Согласно Капуто, поворотной фигурой в генеалогии радикальной теологии и теопоэтики является Г.В.Ф. Гегель. Именно он поставил под сомнение традиционное для классической теологии дуалистическое противопоставление Бога и мира, разума и откровения, заменив их феноменологией Духа и мира. Однако при этом сам Гегель не достиг значительного прогресса в теопоэтике, оставаясь в рамках феноменологического подхода, тесно связанного с логикой классического богословия. По этой причине, как полагает Капуто, настоящая теопоэтика возможна только при условии замены гегелевского понятия абсолютного знания поэтикой события.
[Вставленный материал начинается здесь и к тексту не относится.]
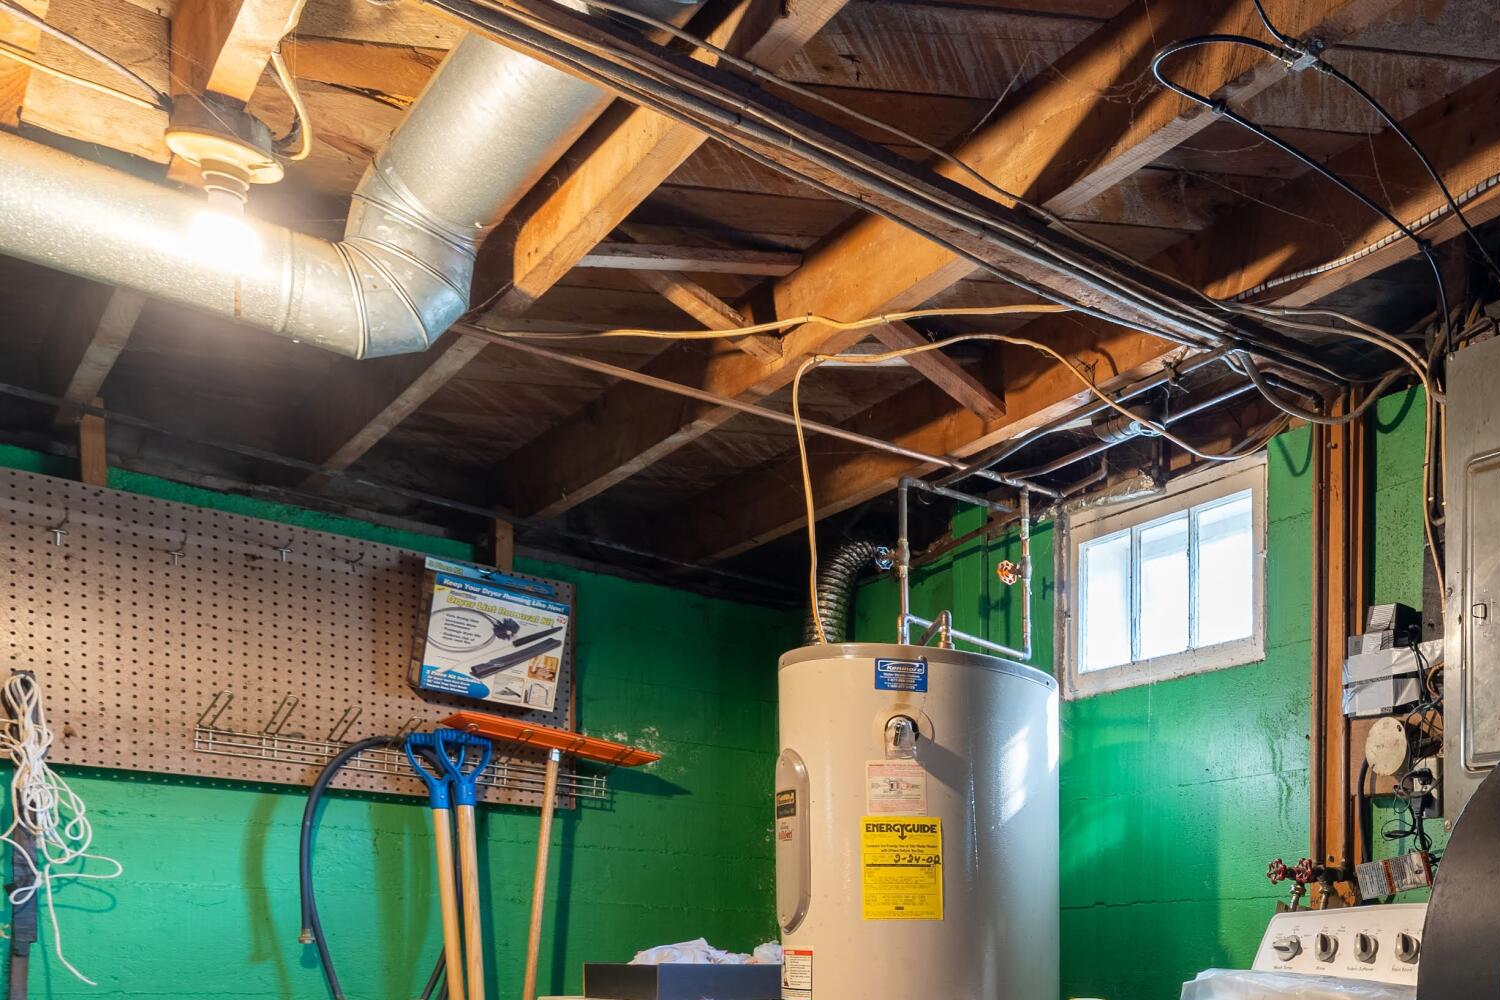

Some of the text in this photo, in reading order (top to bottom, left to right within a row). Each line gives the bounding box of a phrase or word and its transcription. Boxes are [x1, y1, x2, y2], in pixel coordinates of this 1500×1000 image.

[443, 578, 464, 590] Keep
[464, 583, 481, 593] Your
[482, 587, 503, 599] Dryer
[447, 595, 476, 609] Dryer
[476, 601, 498, 614] Lint
[498, 605, 539, 625] Removal
[886, 665, 923, 673] Kenmore
[865, 823, 937, 835] ENERGYGUIDE
Иначе говоря,

теопоэтику можно рассматривать как своего рода «еретическое гегельянство». Заслуга Гегеля заключается в том, что он отказался от двухчастной мифической архитектуры мира, унаследованной христианством от греческой философии. Учение о мире земном, который существует во времени и пространстве, и мире вечности и пребывания Бога, существующем вне времени и пространства, отмечает Капуто, проистекает из неоплатонизма и было заимствовано христианским богословием благодаря творчеству Августина [Caputo 2014: 509]. В философии Гегеля Бог уже не существует за пределами этого мира, он является не бытием вне мира, но бытием самого мира, почвой, с которой бытие мира начинается и которой оно заканчивается. На место традиционного для христианства двухчастного деления мира Гегель предлагает то, что на языке Делеза можно назвать плоскостью имманентности, в которой все возможные различия касаются степеней, градаций интенсивности и этапов становления. В результате божественное откровение приобретает мирское, посюстороннее значение. Мир уже не распадается на время и вечность, бытие больше не выступает на естественном и сверхъестественном уровнях, знание не разделяется между разумом и откровением. Теперь откровение рассматривается как стадия нашего опыта познания истины, момент перехода от чувственного через образное к концептуальному пониманию истины.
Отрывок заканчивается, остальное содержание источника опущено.